We were at the dinner table. All memory of preceding events eluded my consciousness, as if I'd just been born a few seconds ago. She must have carried me to the table herself.

She'd been looking better these days at least. She'd been trying to eat more for the past couple of weeks and her diligence had paid off.

White cauliflower soup as usual. It wasn't like Liz could taste anything she ate; she did most of the seasoning mainly for me.

I asked her how long I'd been out and she said three days. She said the rat bites didn't wake me up—I was becoming immune to them.

"Liz, I don't know how much time I have left. We can't go to the hospital. I won't be able to work."

"You'll be fine. I've sent off my resume to the supermarkets. They'll call soon enough."

She'd been fired again. She just couldn't keep a steady job.

"I can ask Margaret to send over some money."

The girl shook her head, her hair swaying back and forth. "You don't have to do that."

"She won't mind."

"I know, but," the spoon in her tiny hand dug into the cauliflower bobbing up and down the surface. "Your family has been helping us out a lot, with this house and your brother-in-law trying to decode the messages."

Then she said, "I don't want to be a burden, so I'll help out for now. You should rest."

Now that you mention it. "How am I still alive?" My hands felt the abdomen where the stab wounds had been before they disappeared that day. I should've died when those spiders jabbed me in the back at her apartment.

Liz nodded. "You're just really lucky."

That got a chuckle out of me. "For how much longer?" My throat was hurting.

"Depends on how long want to live."

"You're giving me too much credit. The will has no role in nature. If fate decides my time is up, I'm done."

"Fate, huh..." Her spoon whirls circles in the bowl that now had nothing but soup water in it. "If you're alive for this long, you must be pretty special, then. What does fate want from us..."
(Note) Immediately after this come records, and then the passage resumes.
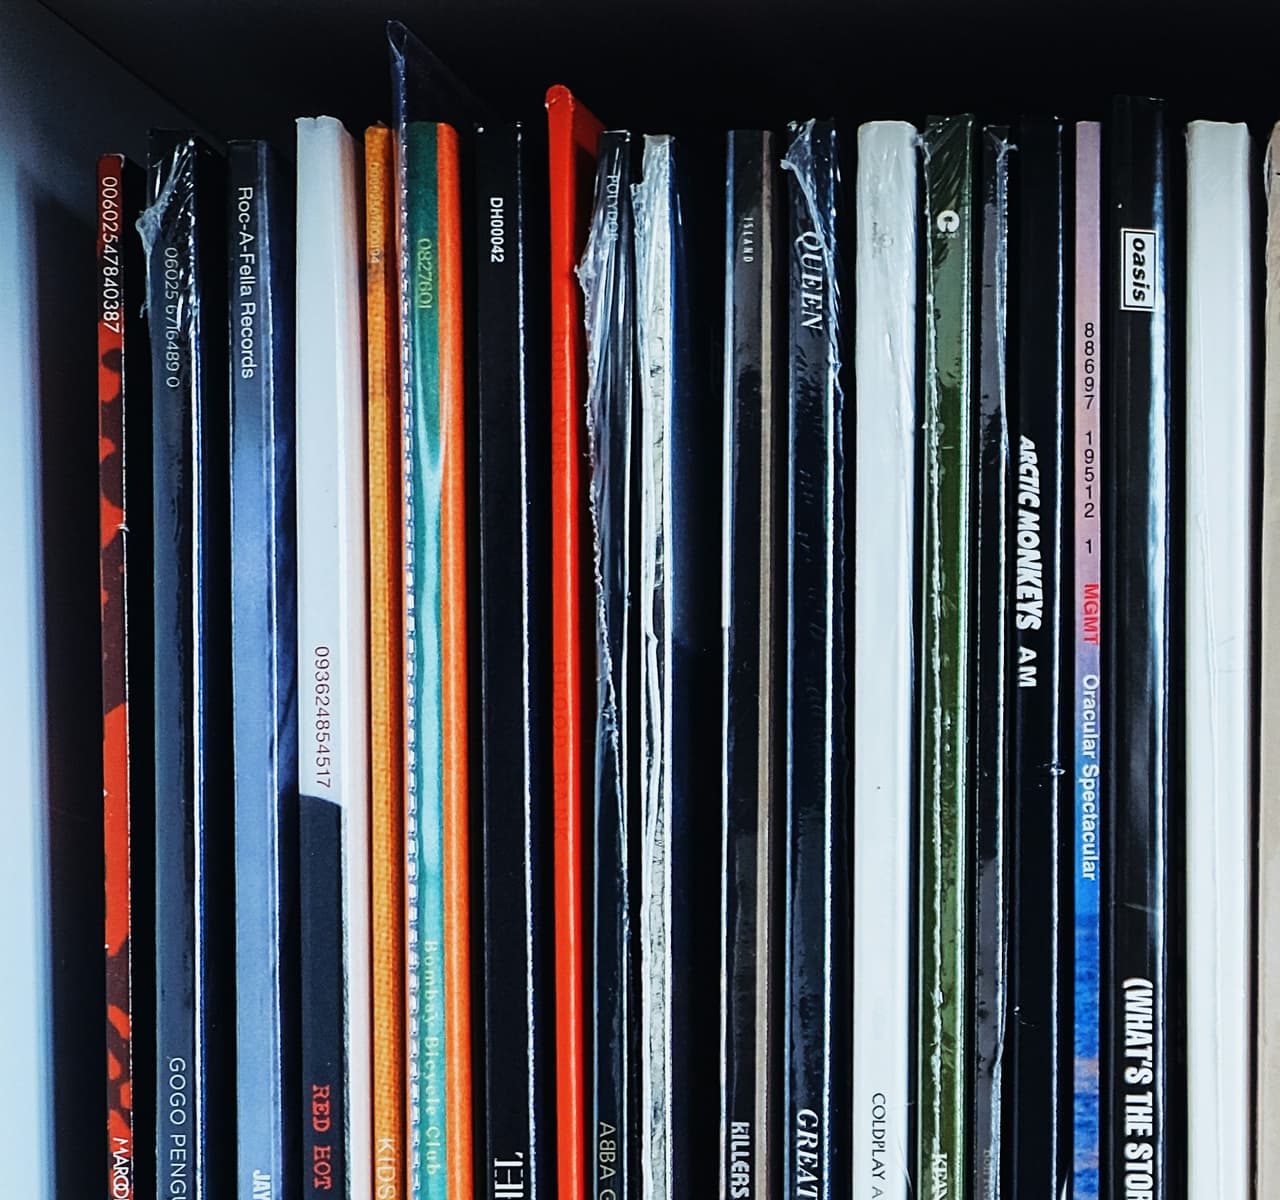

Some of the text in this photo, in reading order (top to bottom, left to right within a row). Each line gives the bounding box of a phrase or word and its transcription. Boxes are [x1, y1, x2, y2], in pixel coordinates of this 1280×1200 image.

[103, 177, 118, 333] 00602547840387
[490, 197, 504, 262] DH00042
[239, 187, 256, 378] Roc-A-Fella Records
[797, 229, 826, 332] QUEEN
[1133, 238, 1150, 301] oasis
[1016, 435, 1043, 687] ARCTIC MONKEYS AM
[315, 647, 330, 788] 093624854517
[1080, 583, 1099, 880] MGMT Oracular Spectacular
[170, 1057, 186, 1124] GOGO
[313, 1085, 330, 1131] RED
[314, 1146, 331, 1189] HOT
[377, 1138, 395, 1200] KIDS
[872, 1093, 886, 1180] COLDPLAY
[872, 1186, 883, 1199] A
"It wants to see me suffer."

She gave me this strange look when I said it, as if she thought I was lying to her.

"Fate must be pretty sadistic if it wants something like that," she said.
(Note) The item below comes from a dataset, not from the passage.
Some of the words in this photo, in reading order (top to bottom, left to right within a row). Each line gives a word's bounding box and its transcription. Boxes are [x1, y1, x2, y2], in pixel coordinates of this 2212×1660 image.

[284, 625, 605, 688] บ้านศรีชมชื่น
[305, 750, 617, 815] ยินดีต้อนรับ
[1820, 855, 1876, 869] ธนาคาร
It could be someone with a scroll or with a white beard and white robe, that was what I wanted to say, but it was hard to talk. Something was wrong with my vocal cords. I could barely hear myself, so I just stopped and shook my head.
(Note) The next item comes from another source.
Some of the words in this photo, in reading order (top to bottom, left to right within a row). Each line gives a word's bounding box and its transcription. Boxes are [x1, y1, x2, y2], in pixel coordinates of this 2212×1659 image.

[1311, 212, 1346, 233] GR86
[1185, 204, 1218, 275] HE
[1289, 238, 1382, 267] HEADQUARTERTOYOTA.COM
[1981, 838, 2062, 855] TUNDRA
"So if fate rules over us," she pondered. "Who has control over fate? If there's a system that decides how the shape of the world should be like, what created this system in the first place? If there's a mold that gives form to the clay, right? Then what made the mold? To say that it exists as it is just doesn't make a lot of sense."

"If fate is a guy, he has a lot to answer for—" I couldn't take it anymore. It was as if my head was being split open. I stood up and tried to get back to my room, on to crash down on the black cement. Liz came over to help me up, and brought me to my bed.

She sat on the edge of the mattress on the ground and looked at me.

I wanted to tell her I was sorry for putting her in such a position.

I'm the last person you'd want to be stuck with.

"An infinite loop."

What?

She explained, "Something as grand as fate could be going on a journey of its own, with its own life and its own 'fate'. And the thing that controls it would have its own 'fate'. What is life but a never-ending chain of people trying to influence each other's lives, you know?"

"What about the will?"

"I think the will is a smaller part of fate. If you don't really desire life, then soon enough fate will decide for you that you don't deserve to live. We all find our own destiny through our own will."

"You've changed your mind?"

"Hm?"

"You said we're puppets with strings."

"No, I don't think I've ever changed my mind on that. I still think the will is an illusion. We just pretend that it's real so we can at least feel like we have some control over our own lives. And to some degree, we do. Although free will doesn't exist and everything is predetermined, the uncertainty of the future somehow brings it into existence. All wins and losses have no meaning. We are free to experience life, to know nothing and to be helpless."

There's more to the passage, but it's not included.